Off the Rails: Trump's Disappointing Infrastructure Proposal

Off the Rails: Trump's Disappointing Infrastructure Proposal

Trump’s infrastructure plan, while long delayed, reflects absolutely none of the thoughtfulness and bipartisan compromise needed for such a proposal to pass Congress.

In October 2016, candidate Trump pledged that he would work with Congress in the first hundred days of his administration to spur $1 trillion in infrastructure investment months late. With at least one so-called “Infrastructure Week” derailed by the president’s tweets and turmoil, the White House finally unveiled its infrastructure plan. Like so much of the Trump presidency, the reality has failed to live up the hype: it’s a proposal that has turned out to be uninspiring.

After Trump’s election, infrastructure was supposed to be an issue for Republicans and Democrats to unite around. With little else on the table for bipartisan consensus—and with a self-proclaimed “builder” in the White House—it was only natural to think that both parties could get behind a cause that Democratic presidents and members of Congress have long touted. The plan released by the White House, however, couldn’t be more polarizing.

The American Society of Civil Engineers’ most recent report card provided insight into the sorry state of our infrastructure: schools earned a “D+,” roads a “D,” and transit a “D-,” among other depressing grades. Getting our overall infrastructure up to just a “B” level would require an investment of at least $2 trillion over the next ten years. Even with these facts on the table, Trump’s proposal features not one cent of new money for infrastructure; instead, it redirects $200 billion in existing federal resources, with a vague promise that these funds will magically multiply into $1.5 trillion in infrastructure investment. Public-private partnerships—another centerpiece of the Trump plan—needlessly explode the cost of projects and represent little more than a boon to Wall Street investors.
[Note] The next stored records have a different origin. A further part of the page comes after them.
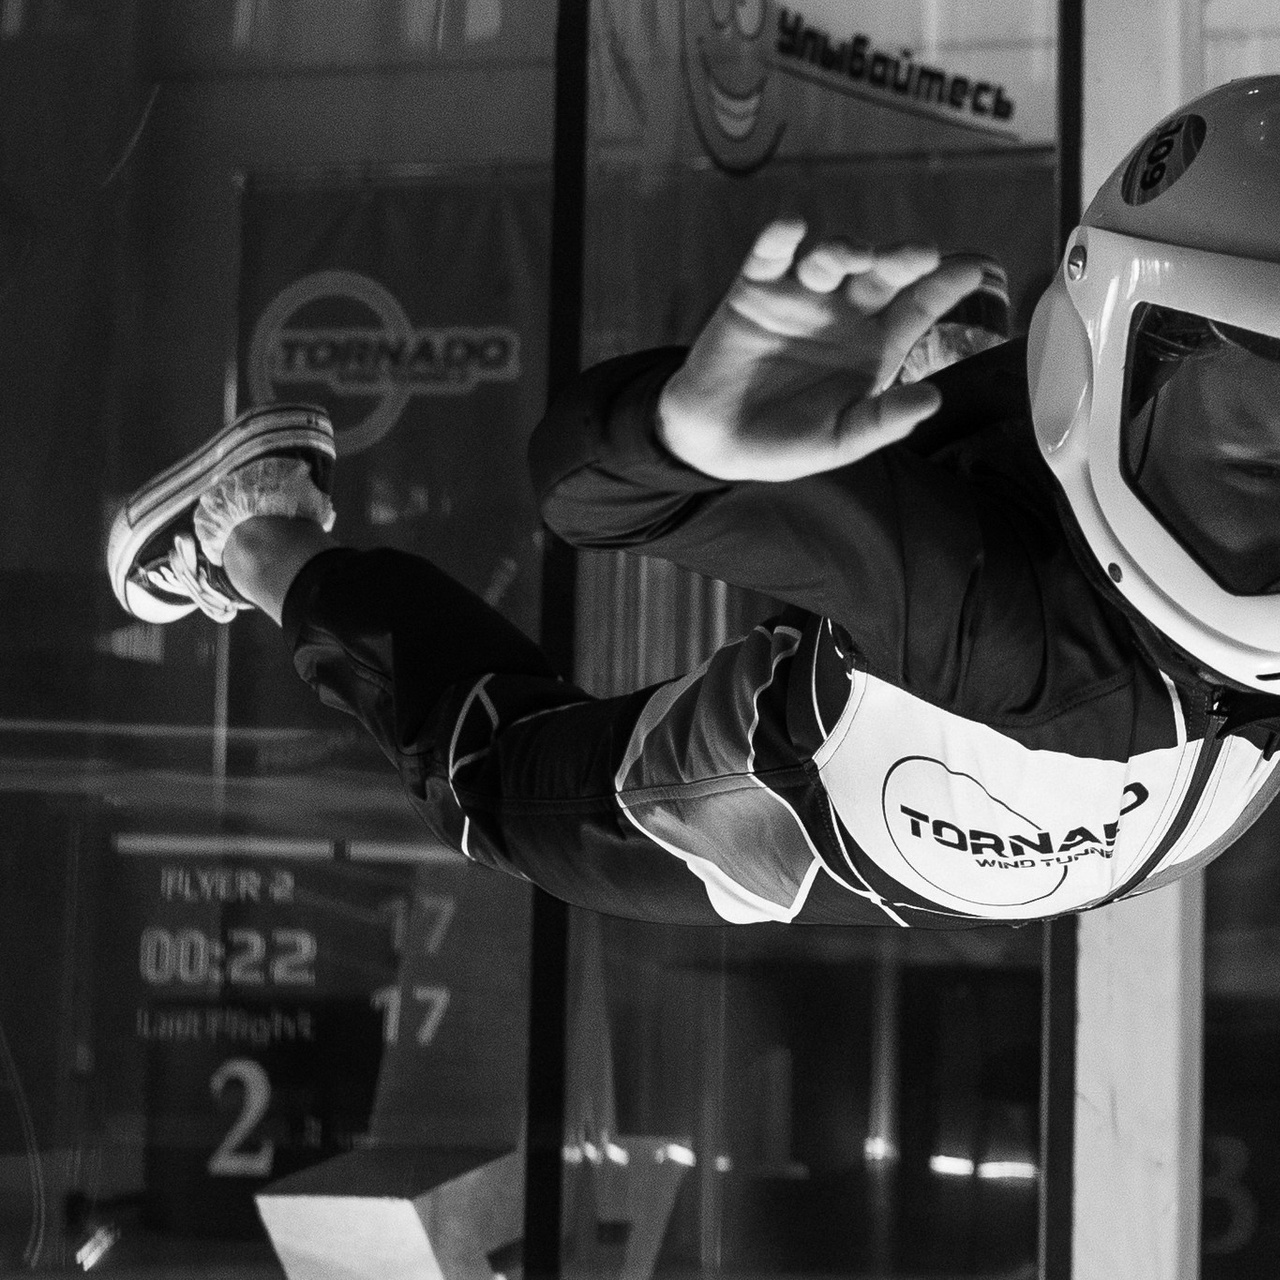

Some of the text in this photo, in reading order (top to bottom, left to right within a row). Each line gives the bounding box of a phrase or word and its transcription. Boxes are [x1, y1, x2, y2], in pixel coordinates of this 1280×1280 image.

[776, 7, 1015, 122] Улыбайтесь
[281, 336, 512, 372] TORNADO
[974, 846, 1115, 871] WIND TUNNE
[138, 925, 318, 987] 00:22
[371, 983, 452, 1047] 17
[207, 1056, 276, 1179] 2
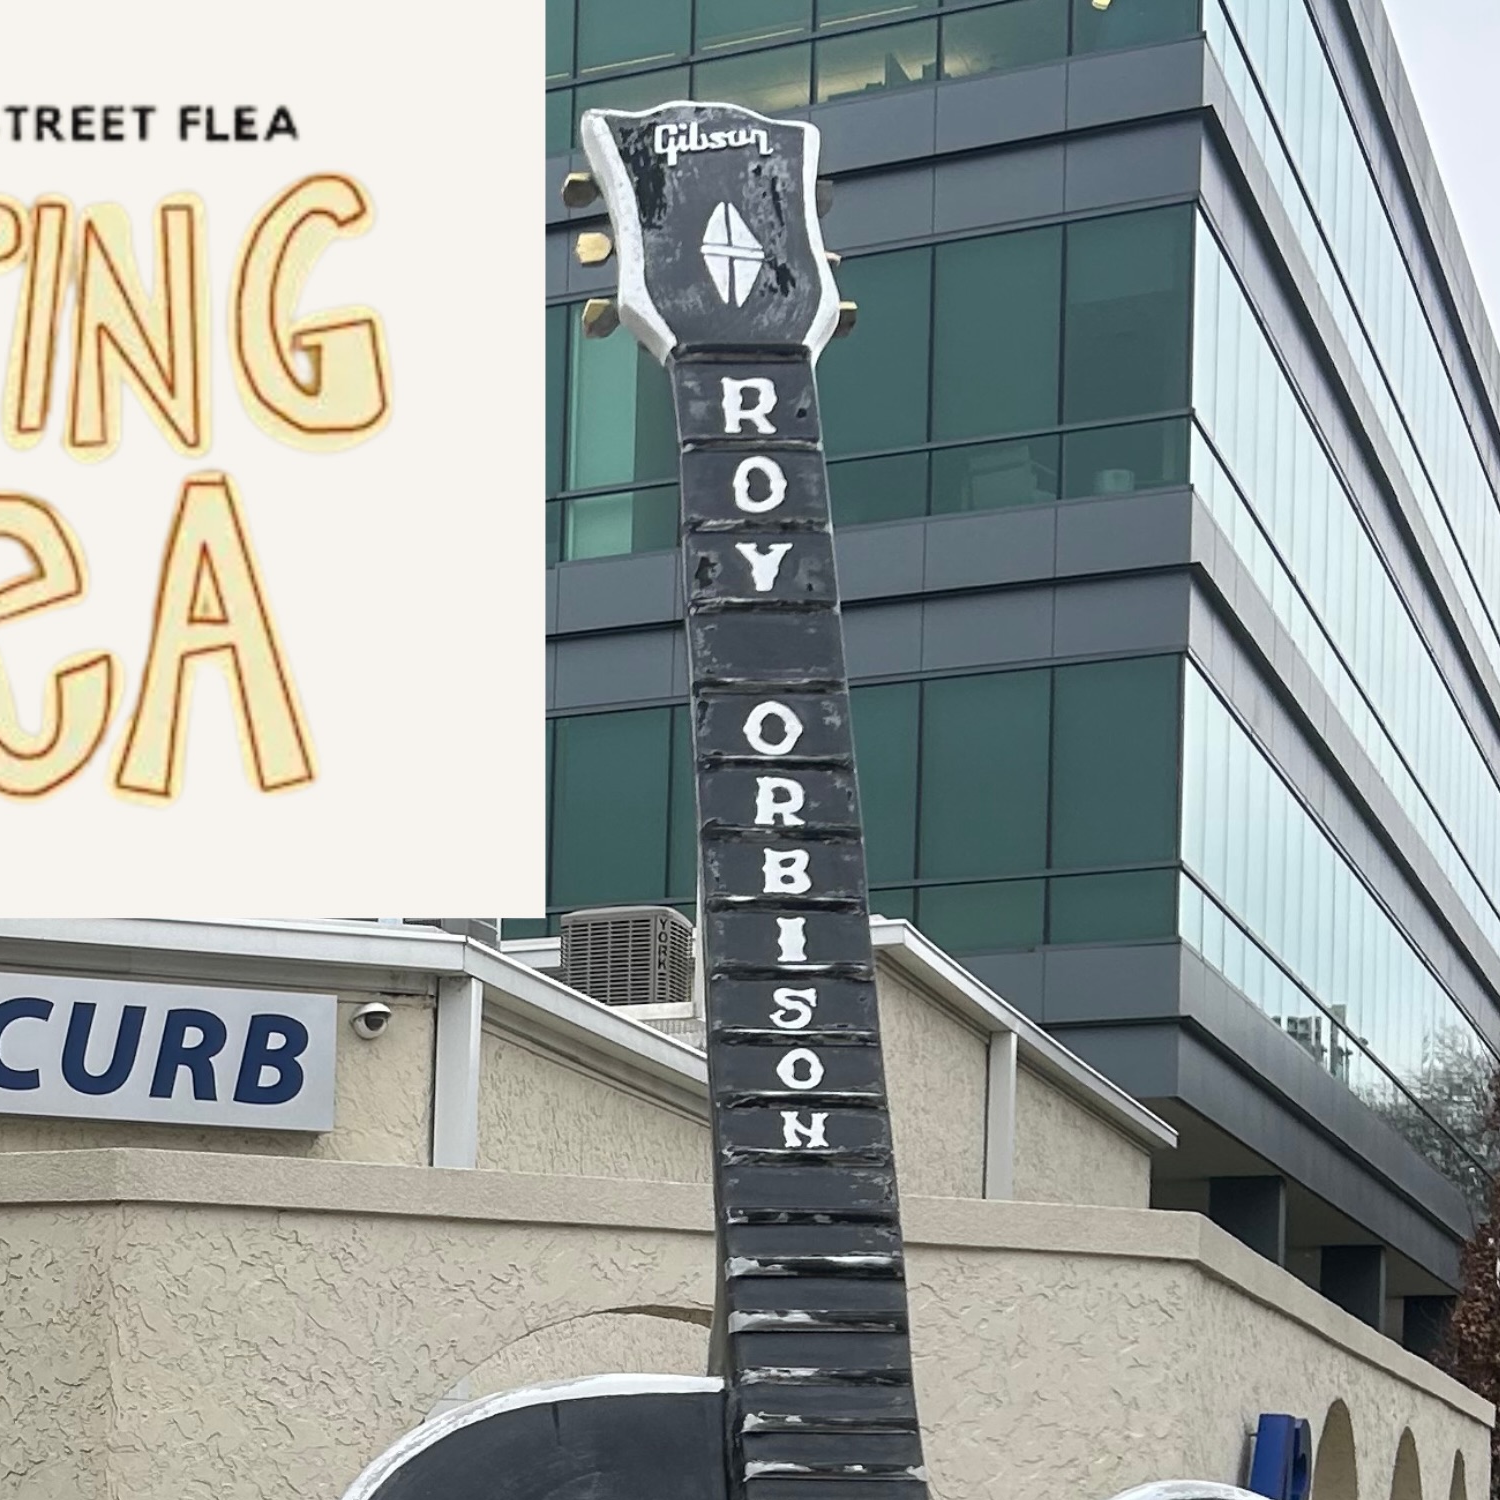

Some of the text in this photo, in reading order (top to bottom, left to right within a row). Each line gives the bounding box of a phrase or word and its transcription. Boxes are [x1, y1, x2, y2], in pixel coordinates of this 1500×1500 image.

[654, 121, 775, 167] Gibson
[720, 376, 830, 1149] ROY ORBISON
[657, 918, 668, 970] YORK
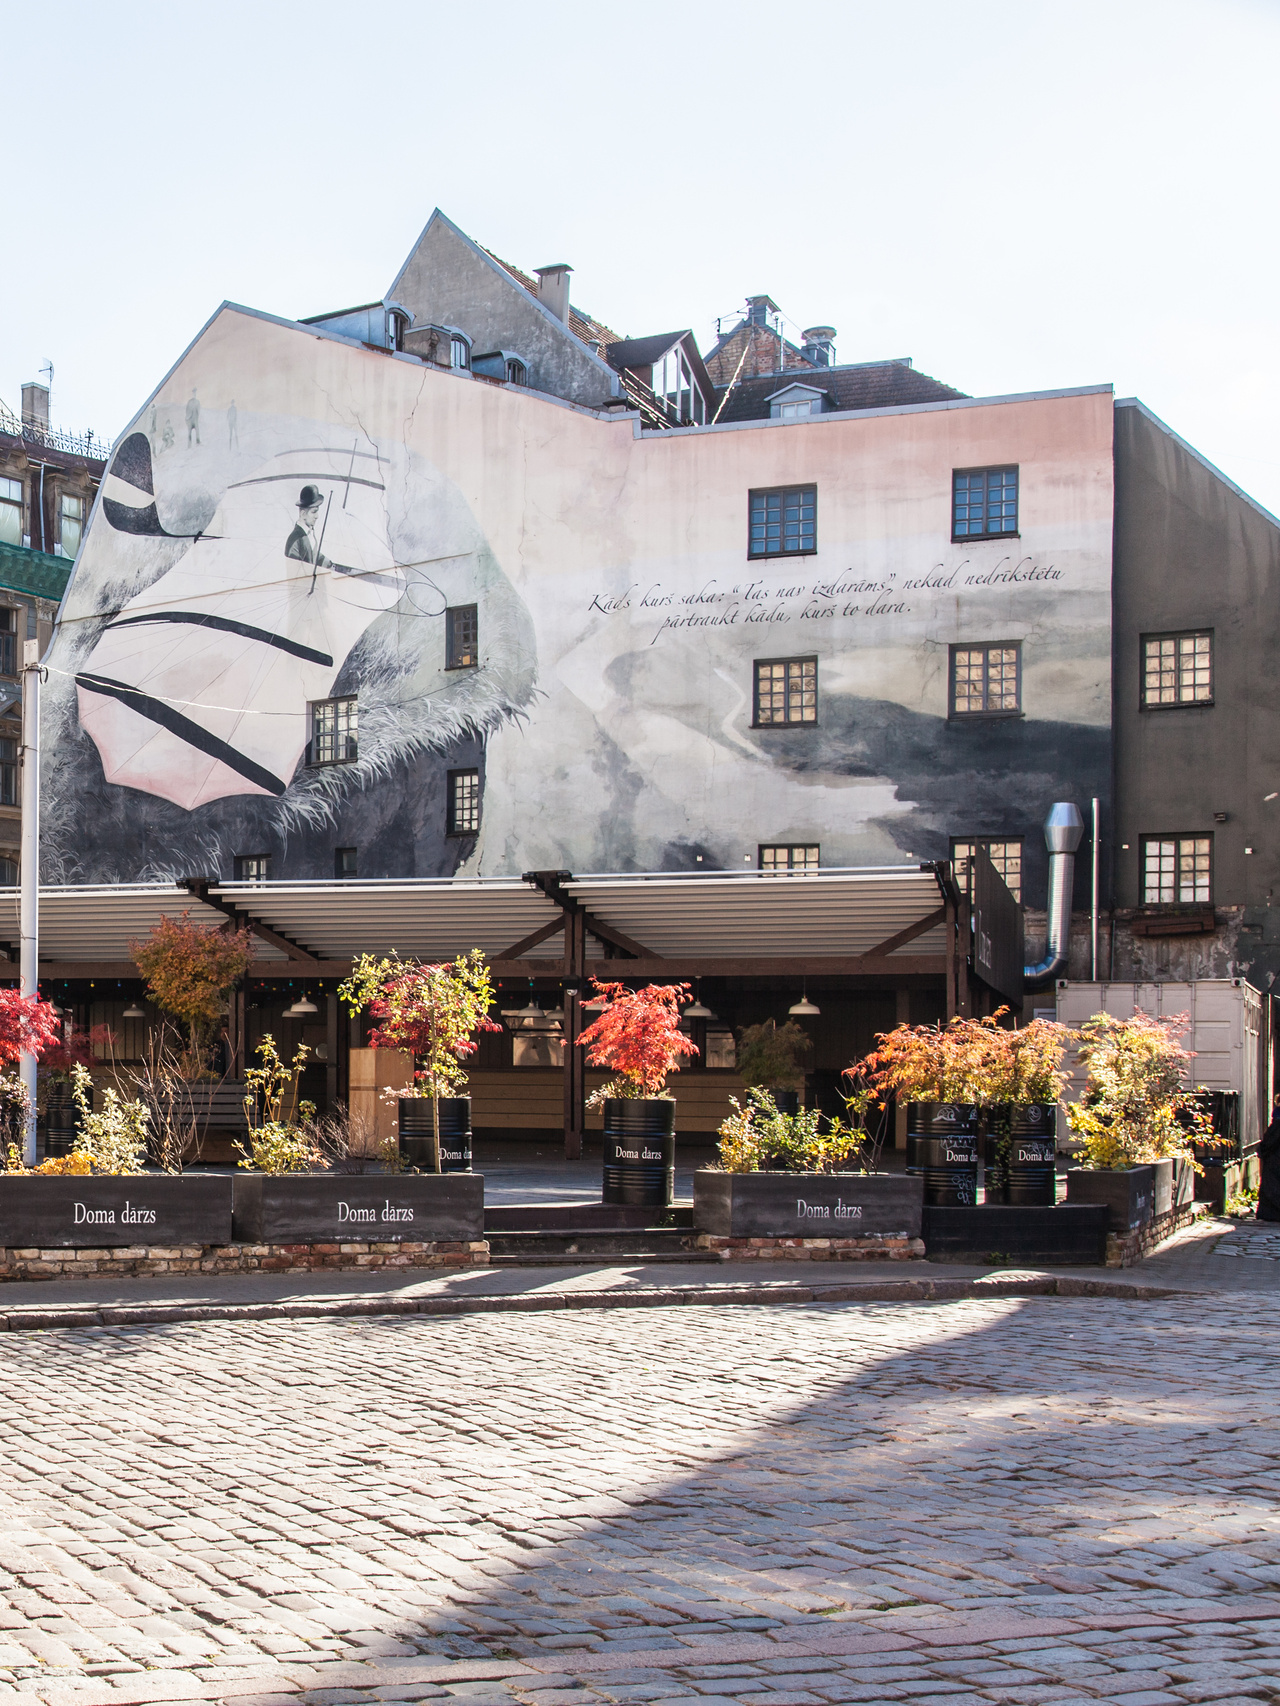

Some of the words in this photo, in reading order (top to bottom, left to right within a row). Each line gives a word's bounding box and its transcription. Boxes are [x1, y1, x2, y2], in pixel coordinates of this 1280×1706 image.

[588, 583, 639, 614] Kāds
[639, 583, 675, 608] kurš
[677, 579, 725, 605] saka:
[775, 585, 806, 599] nav
[902, 559, 970, 589] nekad
[964, 556, 1066, 587] nedrīkstētu
[649, 601, 740, 646] pārtraukt
[744, 601, 792, 624] kādu,
[799, 599, 838, 620] kurš
[842, 601, 862, 617] to
[865, 587, 912, 617] dara.
[439, 1147, 462, 1160] Doma
[615, 1145, 639, 1159] Doma
[641, 1145, 662, 1160] dārzs
[946, 1149, 969, 1162] Doma
[1018, 1149, 1042, 1162] Doma
[73, 1202, 116, 1224] Doma
[120, 1200, 157, 1224] dārzs
[337, 1200, 377, 1222] Doma
[381, 1199, 414, 1222] dārzs
[796, 1199, 830, 1219] Doma
[834, 1197, 862, 1219] dārzs
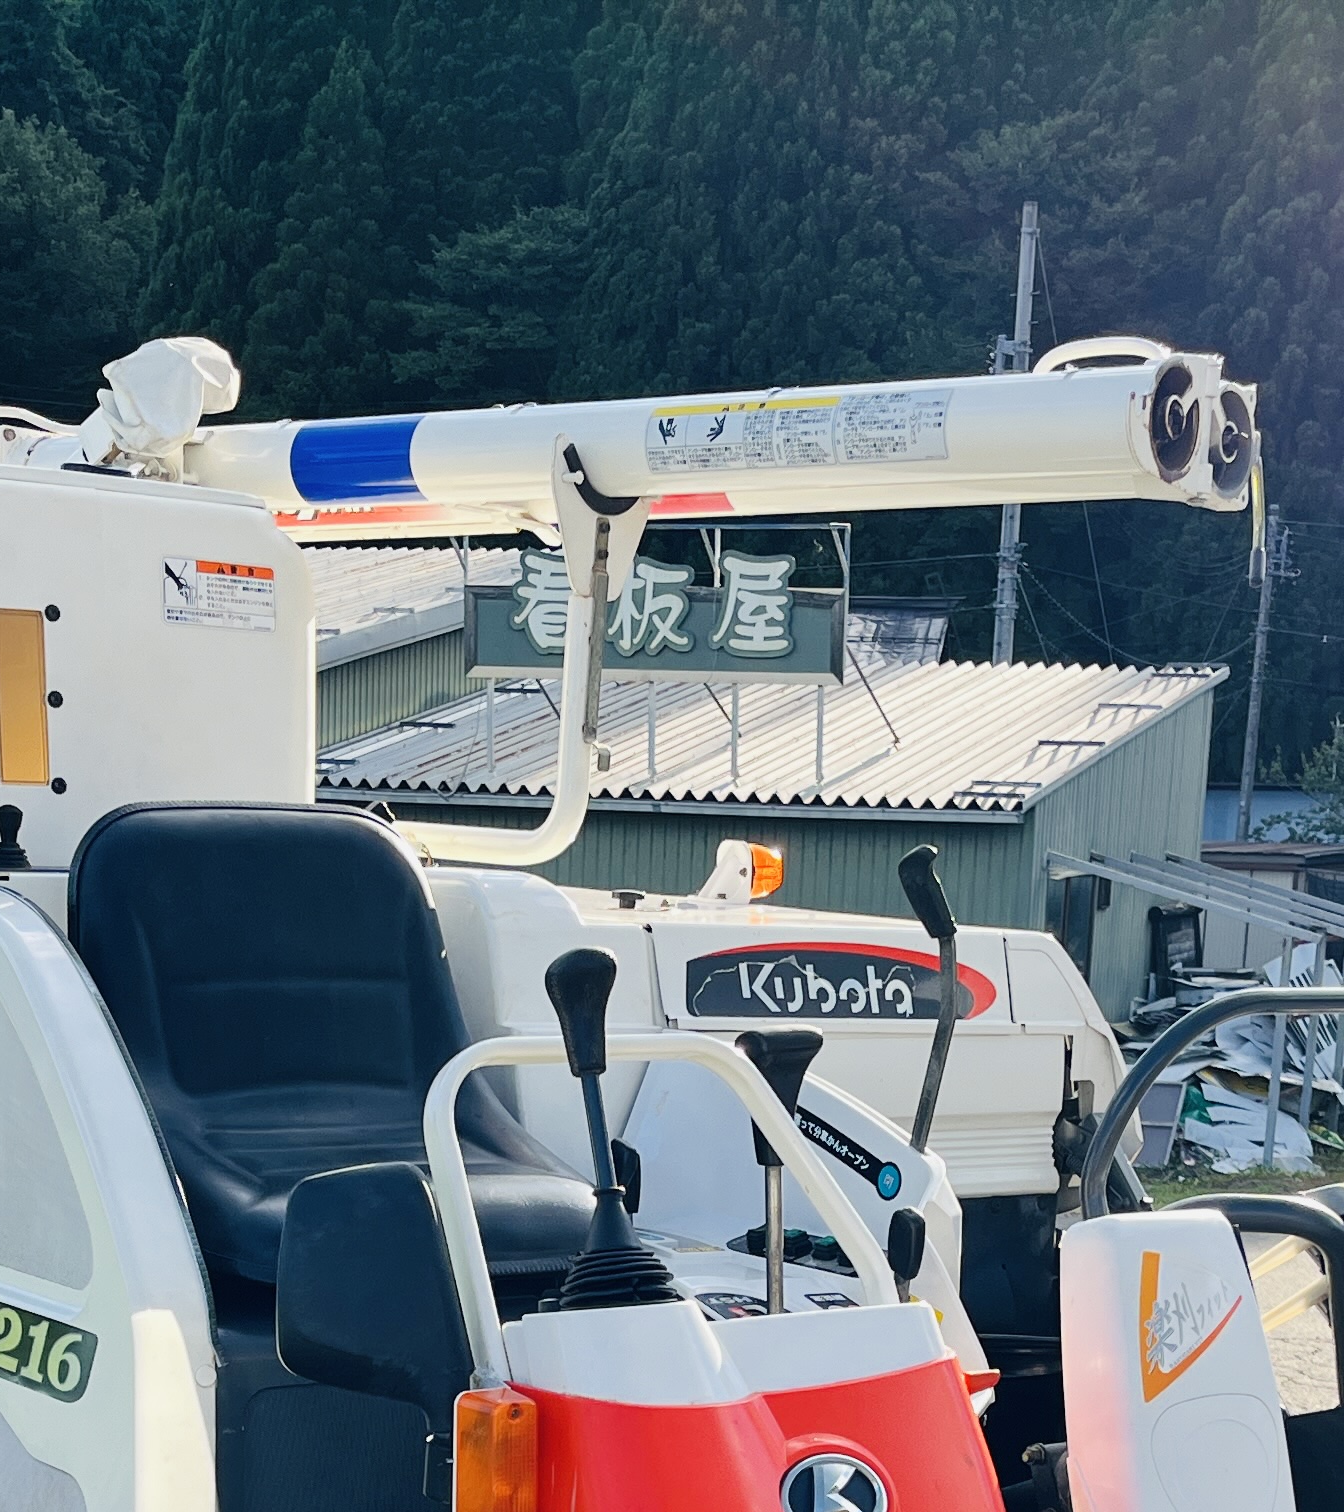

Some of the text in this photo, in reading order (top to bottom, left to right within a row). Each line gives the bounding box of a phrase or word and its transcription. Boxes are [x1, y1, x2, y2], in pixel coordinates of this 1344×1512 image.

Meanwhile, the White House’s fiscal year 2019 budget, released the same day as the infrastructure plan, slashes $281 billion from a variety of critical accounts, including the Highway Trust Fund, which funds thousands of highway and public transportation projects each year; Amtrak; the Transportation Investment Generating Economic Recovery (TIGER) program; New Starts; and the U.S. Army Corps of Engineers. So much for “jobs, jobs, jobs”—that’s equivalent to $1.40 in cuts for every $1.00 in proposed expenditure in infrastructure, a figure that represents a net cut to employment and construction. It’s a damning indictment of the current administration’s priorities that it fought to enact $1.5 trillion in deficit-busting tax cuts for the richest Americans and wealthy corporations mere weeks ago, but can’t be bothered to offer a single penny toward rebuilding our public transit, highways and bridges.

Perhaps the most disturbing aspect of Trump’s infrastructure proposal, however, is its naked giveaway to wealthy project developers. To be sure: “streamlining” and “speeding up” project review is well-worn conservative code for undermining the country’s bedrock environmental laws, including the Clean Air Act, the Clean Water Act, and the National Environmental Policy Act (NEPA.) But Americans reject the false choice between rebuilding our roads and bridges and protecting the air we breathe and the water we drink. Polling by the Center for American Progress and Defenders of Wildlife reveals that 94 percent of voters say we can build and modernize America’s infrastructure while also maintaining protections for air, water, wildlife, and natural places.

These laws not only protect our environment, but aim to safeguard the civil rights of communities impacted by construction. In 2016, then-Secretary of Transportation Anthony Foxx delivered striking remarks that reflected on how much of U.S. infrastructure—including the famed Interstate Highway System—was built without regard to communities of color or low-income communities. In Charlotte, North Carolina—Secretary Foxx’s hometown—two-thirds of families displaced by the construction of the highway system were low-income; in Miami, the building of Interstate 95 ran directly through the center of the predominantly black community of Overtown. In rural Des Moines, Iowa, I-35 cut through “dozens of farms” and separated farmers from their land. NEPA was enacted, in part, as a response to these egregious acts; today, it empowers individuals and communities to weigh in and comment on major proposed projects, including whether these projects would have adverse social, economic, health, or cultural effects on low-income individuals or communities of color. Trump’s plan, however, eviscerates NEPA—opening the door once more to projects that not only put our environment at risk, but disenfranchise those communities whose needs and wishes too often go unheard in our political system.

Trump’s infrastructure plan, while long-delayed, reflects absolutely none of the thoughtfulness and bipartisan compromise needed for such a proposal to pass Congress. There’s no doubt that the President dreams of once again holding a golden shovel over hundreds of American infrastructure projects, but the plan released by his administration suspends that fantasy, and instead represents a step backward when it comes to rebuilding our most vital assets.

Allison Preiss is the managing director of communications at the Center for American Progress.